## Source data
──────
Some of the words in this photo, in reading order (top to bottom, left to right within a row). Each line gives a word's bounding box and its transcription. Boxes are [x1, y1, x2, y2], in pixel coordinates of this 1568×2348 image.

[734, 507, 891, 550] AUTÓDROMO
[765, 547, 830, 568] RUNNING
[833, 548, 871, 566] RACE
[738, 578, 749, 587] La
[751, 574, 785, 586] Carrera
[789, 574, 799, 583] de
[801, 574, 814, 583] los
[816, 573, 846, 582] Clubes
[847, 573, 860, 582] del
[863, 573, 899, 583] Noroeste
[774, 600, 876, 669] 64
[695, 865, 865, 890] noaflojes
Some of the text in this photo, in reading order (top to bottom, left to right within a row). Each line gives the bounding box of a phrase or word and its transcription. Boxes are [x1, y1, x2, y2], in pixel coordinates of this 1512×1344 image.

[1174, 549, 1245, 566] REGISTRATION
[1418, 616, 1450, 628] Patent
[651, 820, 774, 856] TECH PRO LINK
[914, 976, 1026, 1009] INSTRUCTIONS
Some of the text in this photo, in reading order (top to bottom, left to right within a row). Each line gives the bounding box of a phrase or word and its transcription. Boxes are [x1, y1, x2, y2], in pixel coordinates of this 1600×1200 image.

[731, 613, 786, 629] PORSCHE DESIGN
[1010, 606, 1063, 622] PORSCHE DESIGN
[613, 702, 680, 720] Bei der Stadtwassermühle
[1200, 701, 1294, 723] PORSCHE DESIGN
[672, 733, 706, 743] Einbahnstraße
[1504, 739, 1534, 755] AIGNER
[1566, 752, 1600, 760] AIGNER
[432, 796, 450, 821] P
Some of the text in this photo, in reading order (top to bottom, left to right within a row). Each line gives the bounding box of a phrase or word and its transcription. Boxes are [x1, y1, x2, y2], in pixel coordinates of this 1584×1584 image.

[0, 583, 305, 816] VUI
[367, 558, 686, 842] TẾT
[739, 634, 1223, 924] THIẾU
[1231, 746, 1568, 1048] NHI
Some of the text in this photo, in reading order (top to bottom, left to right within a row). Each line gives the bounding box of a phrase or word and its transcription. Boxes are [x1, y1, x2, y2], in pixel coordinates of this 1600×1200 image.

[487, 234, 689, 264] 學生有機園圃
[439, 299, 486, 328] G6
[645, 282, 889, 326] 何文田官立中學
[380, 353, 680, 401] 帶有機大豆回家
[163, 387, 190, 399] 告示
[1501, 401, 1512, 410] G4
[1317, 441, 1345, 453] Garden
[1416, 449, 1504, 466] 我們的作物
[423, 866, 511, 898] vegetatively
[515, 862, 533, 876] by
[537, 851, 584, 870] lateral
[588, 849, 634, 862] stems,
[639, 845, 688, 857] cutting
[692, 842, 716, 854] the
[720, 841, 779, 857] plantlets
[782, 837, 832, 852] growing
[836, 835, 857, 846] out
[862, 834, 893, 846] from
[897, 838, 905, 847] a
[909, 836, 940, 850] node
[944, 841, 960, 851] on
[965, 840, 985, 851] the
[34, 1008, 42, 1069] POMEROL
──────
## Work to complete
Write the data out again, verbatim.

## Your response
Some of the words in this photo, in reading order (top to bottom, left to right within a row). Each line gives a word's bounding box and its transcription. Boxes are [x1, y1, x2, y2], in pixel coordinates of this 1568×2348 image.

[734, 507, 891, 550] AUTÓDROMO
[765, 547, 830, 568] RUNNING
[833, 548, 871, 566] RACE
[738, 578, 749, 587] La
[751, 574, 785, 586] Carrera
[789, 574, 799, 583] de
[801, 574, 814, 583] los
[816, 573, 846, 582] Clubes
[847, 573, 860, 582] del
[863, 573, 899, 583] Noroeste
[774, 600, 876, 669] 64
[695, 865, 865, 890] noaflojes
Some of the text in this photo, in reading order (top to bottom, left to right within a row). Each line gives the bounding box of a phrase or word and its transcription. Boxes are [x1, y1, x2, y2], in pixel coordinates of this 1512×1344 image.

[1174, 549, 1245, 566] REGISTRATION
[1418, 616, 1450, 628] Patent
[651, 820, 774, 856] TECH PRO LINK
[914, 976, 1026, 1009] INSTRUCTIONS
Some of the text in this photo, in reading order (top to bottom, left to right within a row). Each line gives the bounding box of a phrase or word and its transcription. Boxes are [x1, y1, x2, y2], in pixel coordinates of this 1600×1200 image.

[731, 613, 786, 629] PORSCHE DESIGN
[1010, 606, 1063, 622] PORSCHE DESIGN
[613, 702, 680, 720] Bei der Stadtwassermühle
[1200, 701, 1294, 723] PORSCHE DESIGN
[672, 733, 706, 743] Einbahnstraße
[1504, 739, 1534, 755] AIGNER
[1566, 752, 1600, 760] AIGNER
[432, 796, 450, 821] P
Some of the text in this photo, in reading order (top to bottom, left to right within a row). Each line gives the bounding box of a phrase or word and its transcription. Boxes are [x1, y1, x2, y2], in pixel coordinates of this 1584×1584 image.

[0, 583, 305, 816] VUI
[367, 558, 686, 842] TẾT
[739, 634, 1223, 924] THIẾU
[1231, 746, 1568, 1048] NHI
Some of the text in this photo, in reading order (top to bottom, left to right within a row). Each line gives the bounding box of a phrase or word and its transcription. Boxes are [x1, y1, x2, y2], in pixel coordinates of this 1600×1200 image.

[487, 234, 689, 264] 學生有機園圃
[439, 299, 486, 328] G6
[645, 282, 889, 326] 何文田官立中學
[380, 353, 680, 401] 帶有機大豆回家
[163, 387, 190, 399] 告示
[1501, 401, 1512, 410] G4
[1317, 441, 1345, 453] Garden
[1416, 449, 1504, 466] 我們的作物
[423, 866, 511, 898] vegetatively
[515, 862, 533, 876] by
[537, 851, 584, 870] lateral
[588, 849, 634, 862] stems,
[639, 845, 688, 857] cutting
[692, 842, 716, 854] the
[720, 841, 779, 857] plantlets
[782, 837, 832, 852] growing
[836, 835, 857, 846] out
[862, 834, 893, 846] from
[897, 838, 905, 847] a
[909, 836, 940, 850] node
[944, 841, 960, 851] on
[965, 840, 985, 851] the
[34, 1008, 42, 1069] POMEROL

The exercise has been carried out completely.